Üçüncü Esas: Hem anlarsın ki şu dünyadaki tezyinat, yalnız telezzüz veya tenezzüh için değil. Çünkü bir zaman lezzet verse, firakıyla birçok zaman elem verir. Sana tattırır, iştihanı açar fakat doyurmaz. Çünkü ya onun ömrü kısa, ya senin ömrün kısadır. Doymaya kâfi değil. Demek kıymeti yüksek, müddeti kısa olan şu tezyinat; ibret içindir şükür içindir, usûl-ü daimîsine teşvik içindir. Başka gayet ulvi gayeler içindir.
Dördüncü Esas: Hem anlarsın ki şu dünyadaki müzeyyenat ise cennette ehl-i iman için rahmet-i Rahman’la iddihar olunan nimetlerin numuneleri, suretleri hükmündedir.
Beşinci Esas: Hem anlarsın ki şu fâni masnuat fena için değil, bir parça görünüp mahvolmak için yaratılmamışlar.
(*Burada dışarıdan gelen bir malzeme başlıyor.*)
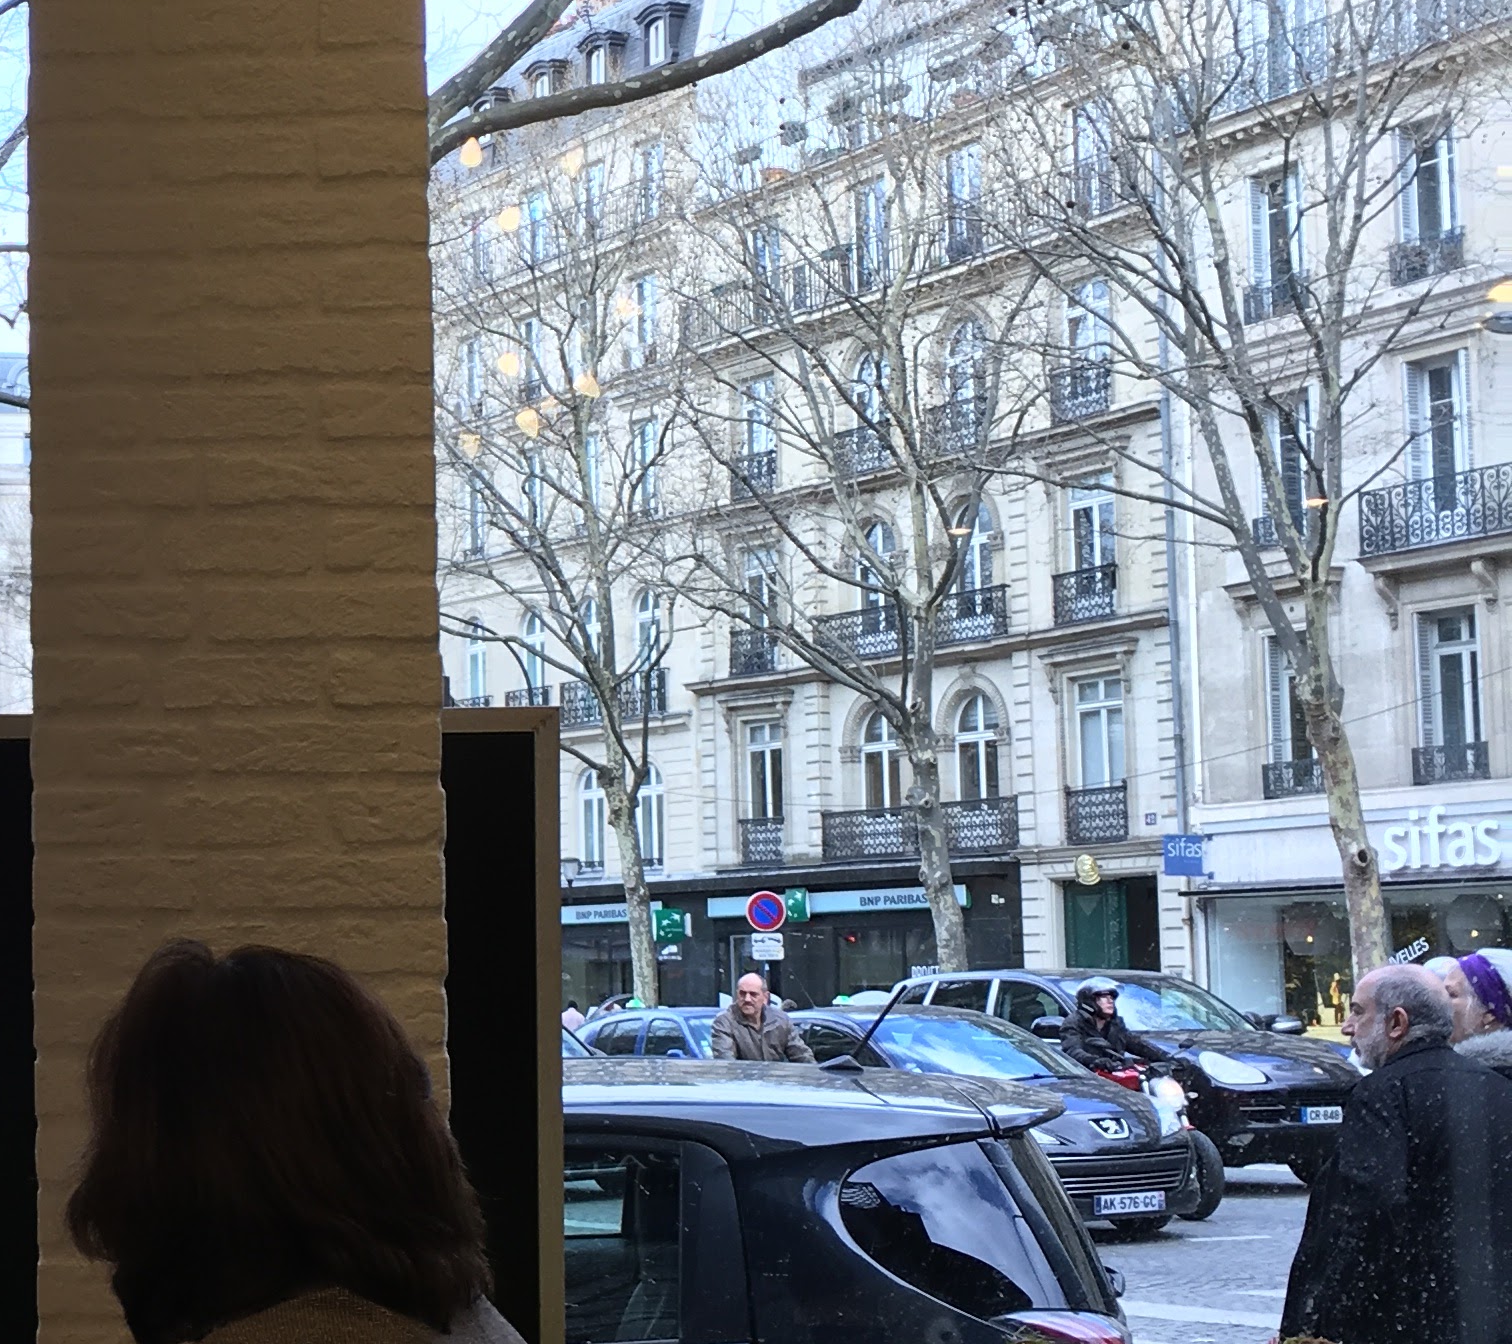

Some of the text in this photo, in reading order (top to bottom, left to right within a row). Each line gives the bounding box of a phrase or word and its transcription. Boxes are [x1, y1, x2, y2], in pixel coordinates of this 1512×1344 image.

[1168, 837, 1202, 857] sifas
[1384, 806, 1502, 871] sifas
[859, 893, 928, 907] BNP PARIBAS
[575, 908, 627, 920] BNP PARIBAS
[1389, 936, 1430, 964] VELLES
Belki vücudda kısa bir zaman toplanıp, matlub bir vaziyet alıp tâ suretleri alınsın, timsalleri tutulsun, manaları bilinsin, neticeleri zapt edilsin. Mesela, ehl-i ebed için daimî manzaralar nescedilsin. Hem âlem-i bekada başka gayelere medar olsun.
Eşya beka için yaratıldığını, fena için olmadığını belki sureten fena ise de tamam-ı vazife ve terhis olduğu bununla anlaşılıyor ki fâni bir şey, bir cihetle fenaya gider, çok cihetlerle bâki kalır.
Mesela, kudret kelimelerinden olan şu çiçeğe bak ki kısa bir zamanda o çiçek tebessüm edip bize bakar, der-akab fena perdesinde saklanır. Fakat senin ağzından çıkan kelime gibi o gider fakat binler misallerini kulaklara tevdi eder. Dinleyen akıllar adedince, manalarını akıllarda ibka eder. Çünkü vazifesi olan ifade-i mana bittikten sonra kendisi gider fakat onu gören her şeyin hâfızasında zahirî suretini ve her bir tohumunda manevî mahiyetini bırakıp öyle gidiyor. Güya her hâfıza ile her tohum, hıfz-ı ziyneti için birer fotoğraf ve devam-ı bekası için birer menzildirler.
En basit mertebe-i hayatta olan masnû böyle ise en yüksek tabaka-i hayatta ve ervah-ı bâkiye sahibi olan insan, ne kadar beka ile alâkadar olduğu anlaşılır. Çiçekli ve meyveli koca nebatatın bir parça ruha benzeyen her birinin kanun-u teşekkülatı, timsal-i sureti; zerrecikler gibi tohumlarda kemal-i intizamla, dağdağalı inkılablar içinde ibka ve muhafaza edilmesiyle, gayet cem’iyetli ve yüksek bir mahiyete mâlik, haricî bir vücud giydirilmiş, zîşuur, nurani bir kanun-u emrî olan ruh-u beşer; ne derece beka ile merbut ve alâkadar olduğu anlaşılır.
Altıncı Esas: Hem anlarsın ki insan, ipi boğazına sarılıp istediği yerde otlamak için başıboş bırakılmamıştır. Belki bütün amellerinin suretleri alınıp yazılır ve bütün fiillerinin neticeleri muhasebe için zapt edilir.